Now I want to turn attention to smartphone apps. The release of the iPhone 4 and the new Android phones has focused conversation on the privacy issues. In an article at Fast Company, writer Kit Eaton said the problems surrounding Facebook and privacy have nothing on the privacy issues of smartphones:
Think about what your smartphone -- particularly iPhones and Android devices with their bounty of apps, and BlackBerrys with their automated ties back to your workplace and your email -- has aboard it. With just a push of a button or a poke at the touchscreen, pretty much anyone who got hold of your phone could read your email, read or make postings to your social networking app of preference, see pictures of you, your family, your girlfriend (think of the compromising celebrity "naughty snap" photos that keep popping up) and so on. The devices, existing as they do as an extension to the old notion of personal digital assistant, contain far more personal data than would ever have been accessible on older dumbphones. And, for the sake of convenience many of us have our apps auto logging-in and keep the phone unsecured, so that quickly accessing it to send a text or tweet, or snap a photo is easy.

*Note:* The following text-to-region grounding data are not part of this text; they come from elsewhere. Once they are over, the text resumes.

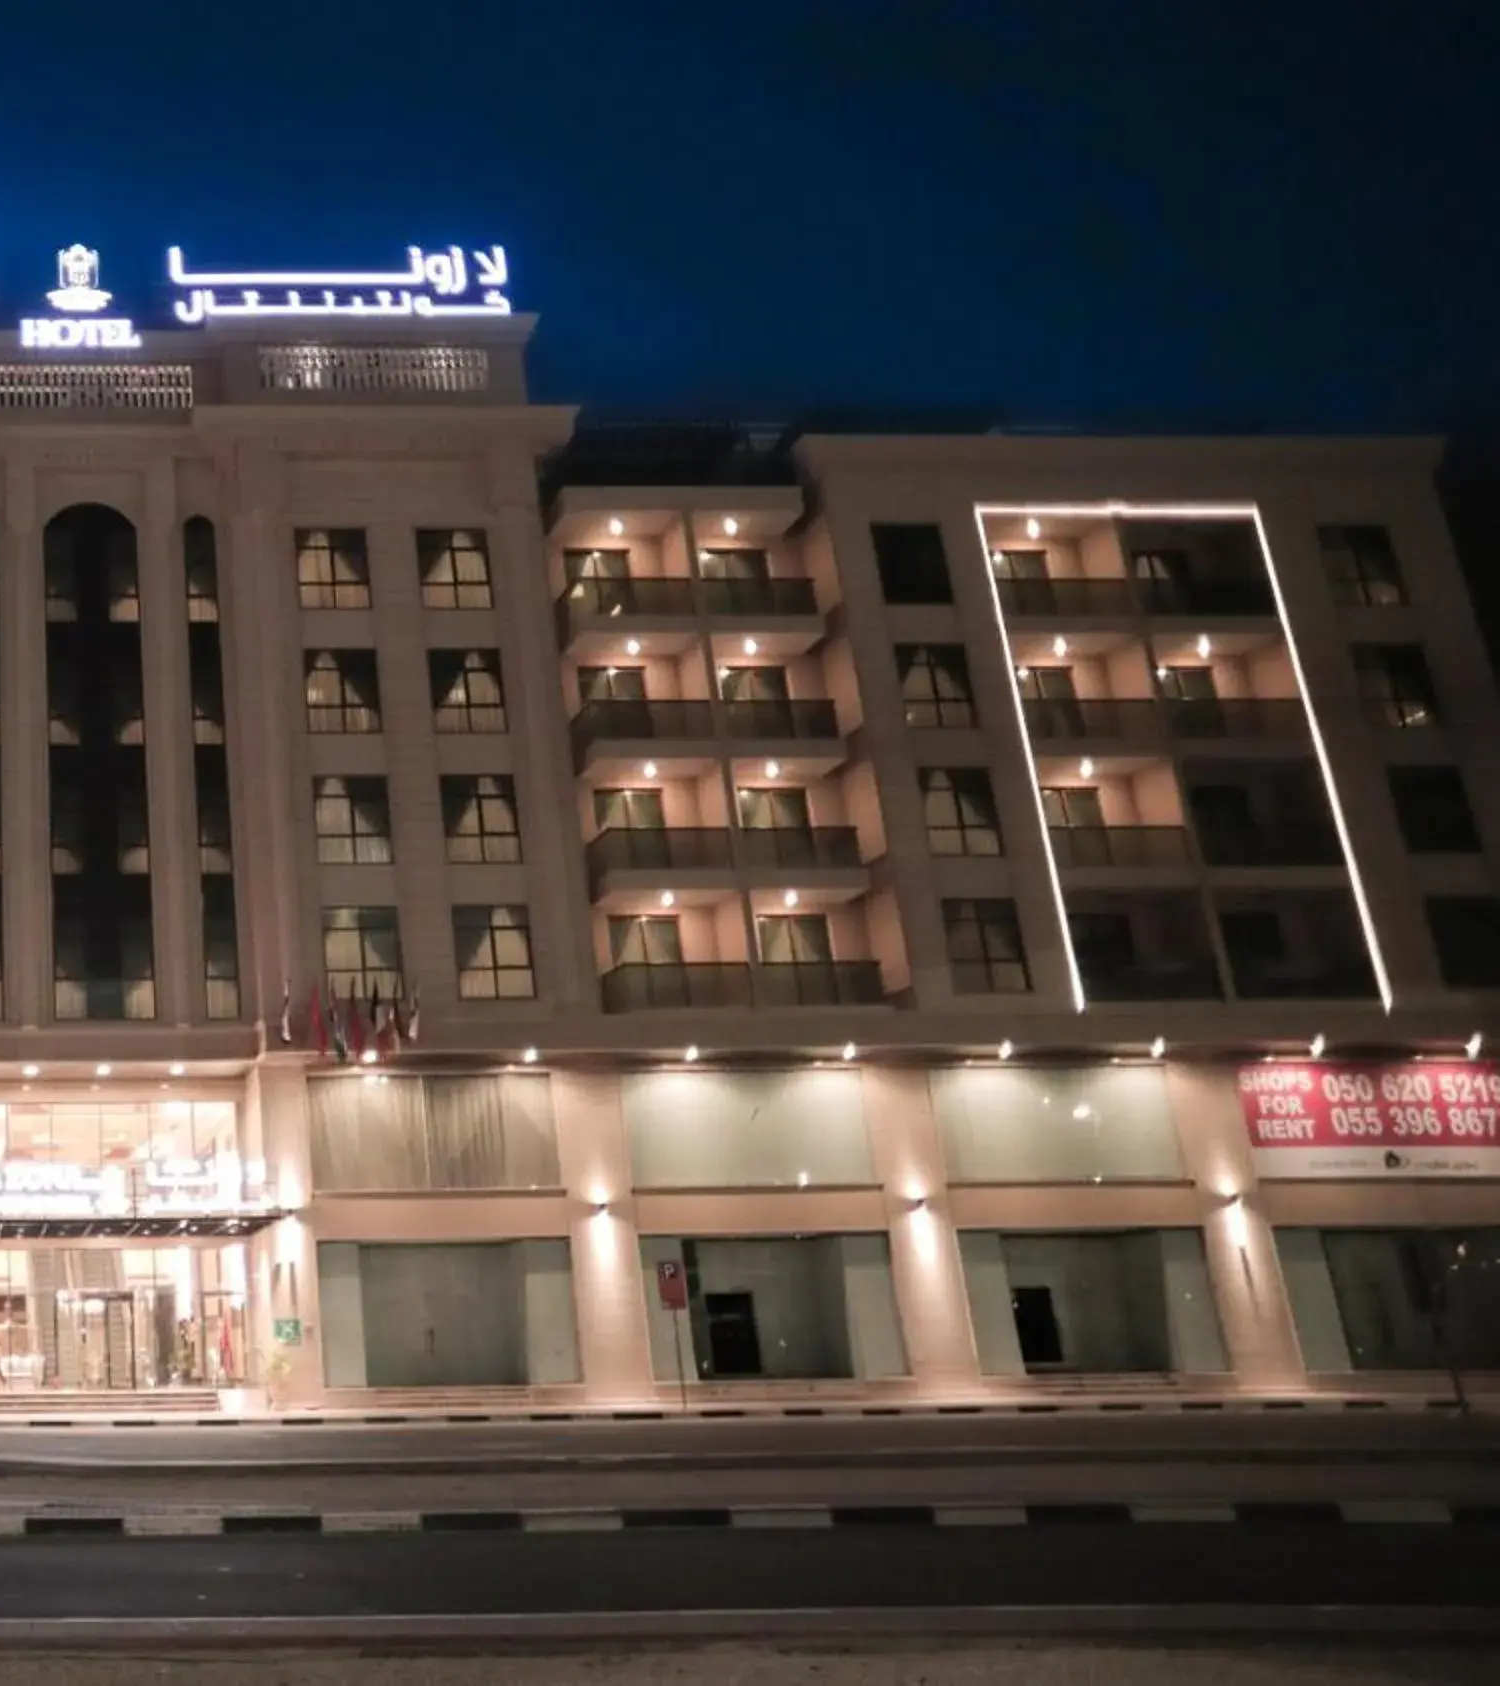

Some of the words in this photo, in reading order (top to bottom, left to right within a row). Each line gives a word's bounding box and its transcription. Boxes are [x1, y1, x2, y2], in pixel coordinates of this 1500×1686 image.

[19, 318, 143, 349] HOTEL
[1237, 1070, 1313, 1093] SHOPS
[1321, 1072, 1375, 1104] 050
[1380, 1072, 1435, 1103] 620
[1256, 1094, 1305, 1116] FOR
[1256, 1118, 1316, 1141] RENT
[1330, 1106, 1384, 1138] 055
[1389, 1106, 1443, 1137] 396

InfoWorld reported that 20 percent of Android apps can threaten privacy, based on the permissions granted:
The permissions -- which allow applications to do a multitude of things, including initiating a phone call, reading SMS (Short Message Service) messages or identifying the phone's location -- are there to help people develop useful applications. But applications might also access those kinds of personal data for nefarious purposes, according to SMobile.

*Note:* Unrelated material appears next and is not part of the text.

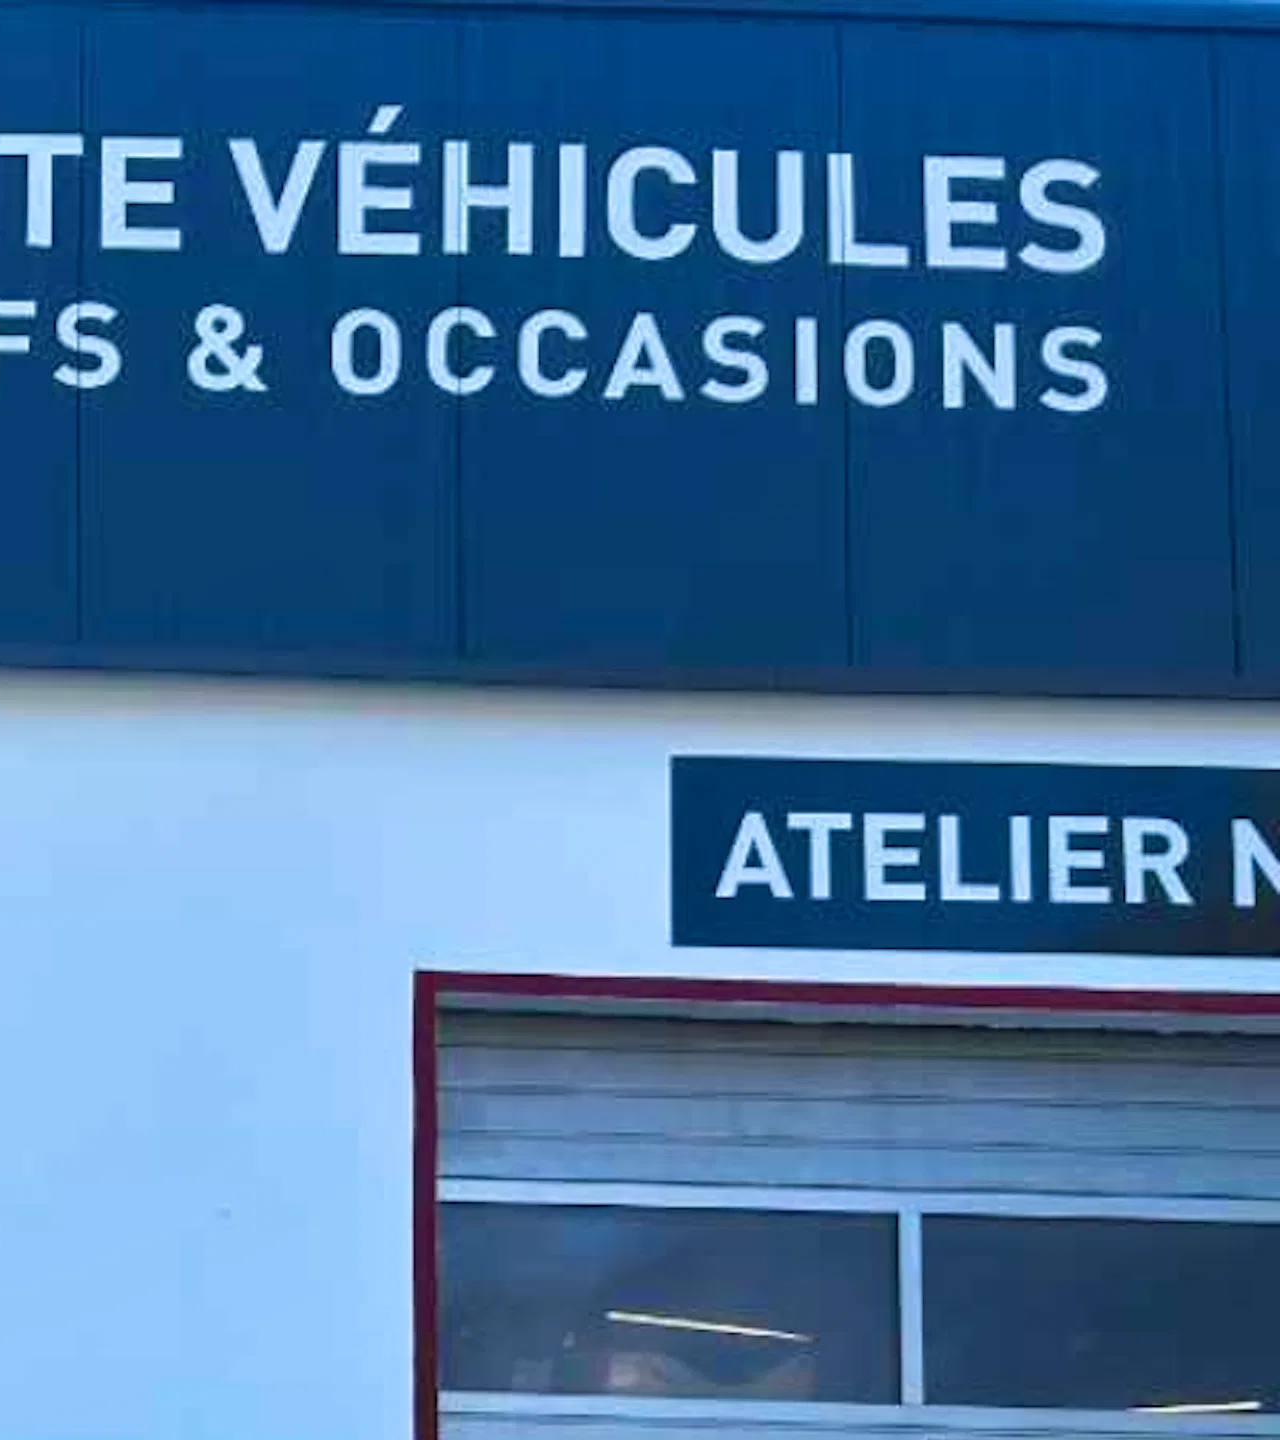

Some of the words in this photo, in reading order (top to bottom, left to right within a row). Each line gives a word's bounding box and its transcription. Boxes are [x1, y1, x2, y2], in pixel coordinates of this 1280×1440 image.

Besides the 20 percent of applications that let third parties access private or sensitive information, 5 percent of applications have the ability to place a call to any number, and 2 percent of applications can send an SMS to an unknown premium number, in both cases without user involvement.
iPhone has its privacy problems, too, according to a Los Angeles Times blog:
An increasing number of iPhone apps ask users for their location, which is then used by the application or even uploaded to the app's maker. Apps like the Twitter application Tweetie and Google Maps make frequent use of location data, either to help the user get oriented geographically or to associate the user's action with a specific location (as when a tweet is geotagged).
There is some positive news, however, regarding apps and phone security concerns. Sophos has developed security threat monitor app for iPhones. (I hope Sophos will be developing a similar app for other smartphones!).